* Work request
Word for word, transcribe the lines below and drop the pictures.

* Materials provided

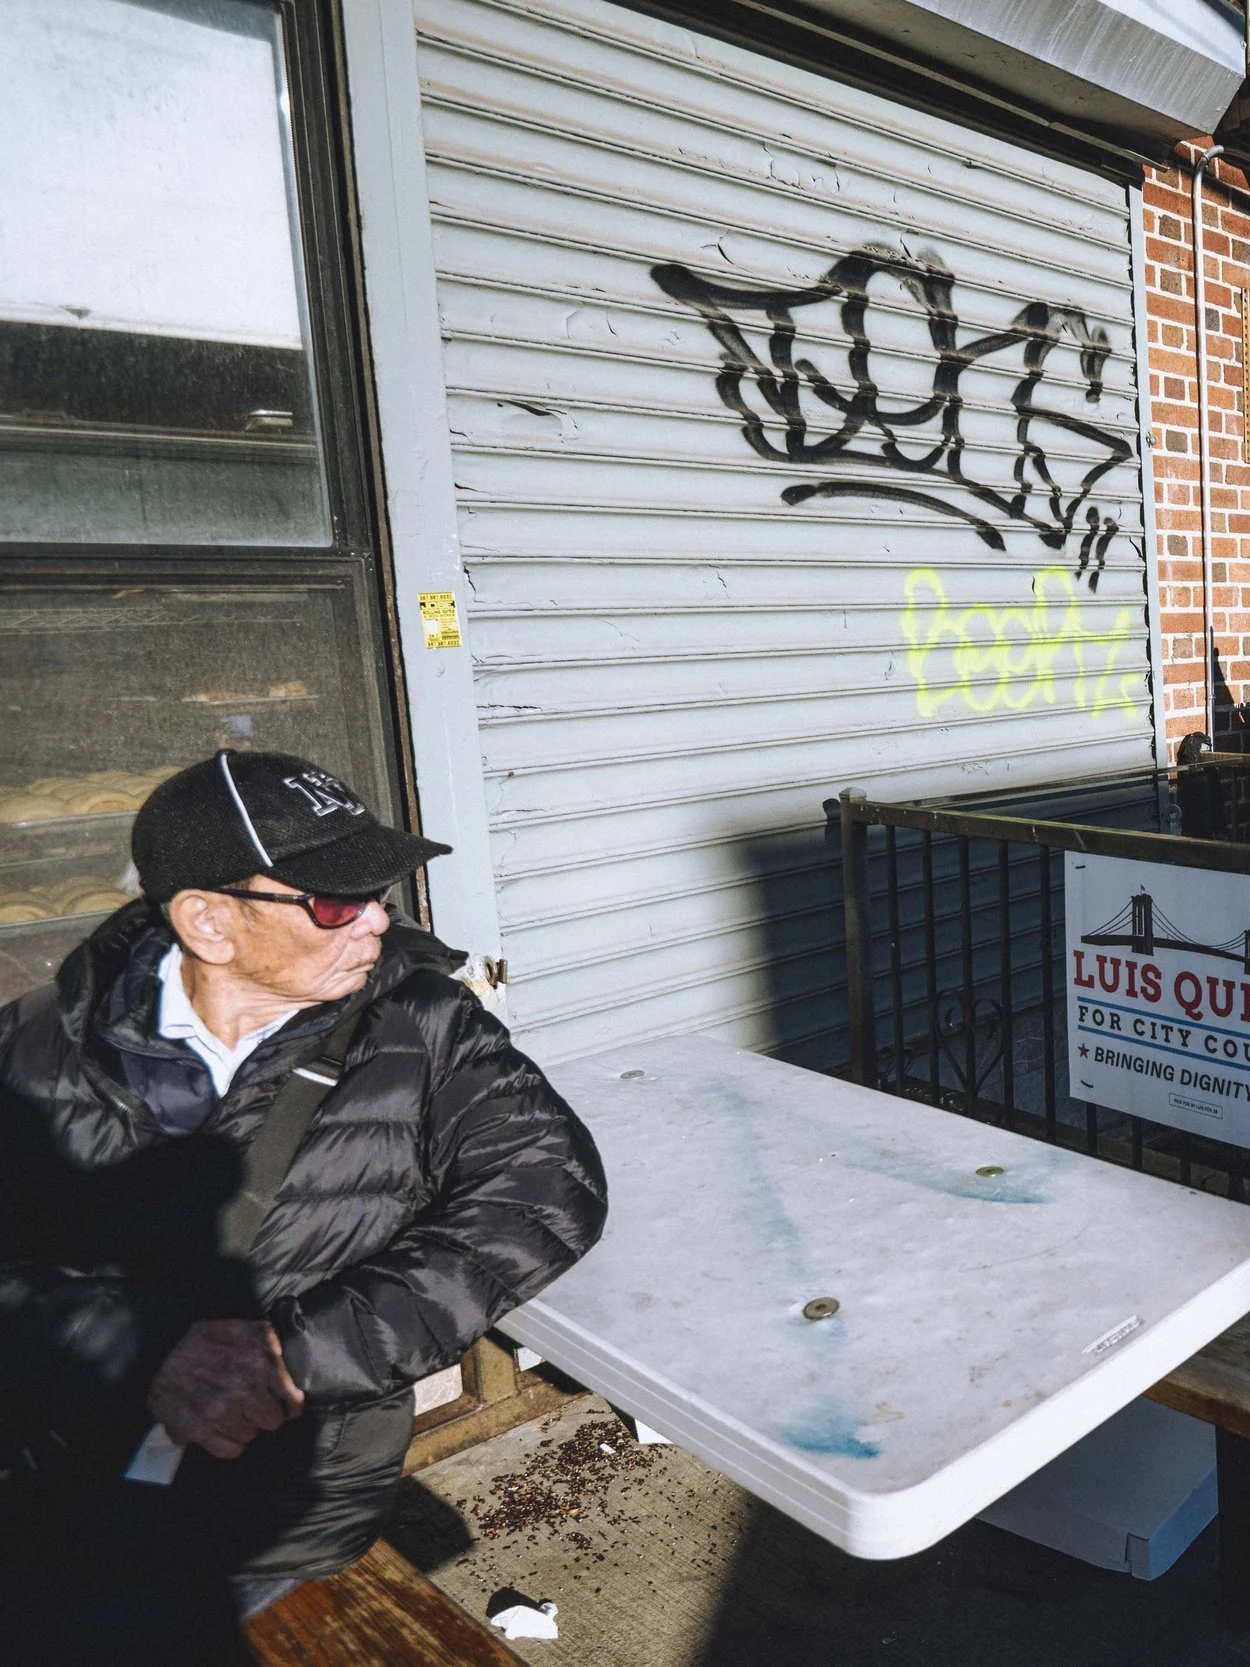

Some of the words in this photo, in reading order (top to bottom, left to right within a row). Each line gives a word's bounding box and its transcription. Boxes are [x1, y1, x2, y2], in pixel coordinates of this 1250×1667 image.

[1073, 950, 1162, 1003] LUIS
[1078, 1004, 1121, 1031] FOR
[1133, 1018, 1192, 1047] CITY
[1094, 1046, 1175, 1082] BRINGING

* Exercise answer
Some of the words in this photo, in reading order (top to bottom, left to right within a row). Each line gives a word's bounding box and its transcription. Boxes are [x1, y1, x2, y2], in pixel coordinates of this 1250×1667 image.

[1073, 950, 1162, 1003] LUIS
[1078, 1004, 1121, 1031] FOR
[1133, 1018, 1192, 1047] CITY
[1094, 1046, 1175, 1082] BRINGING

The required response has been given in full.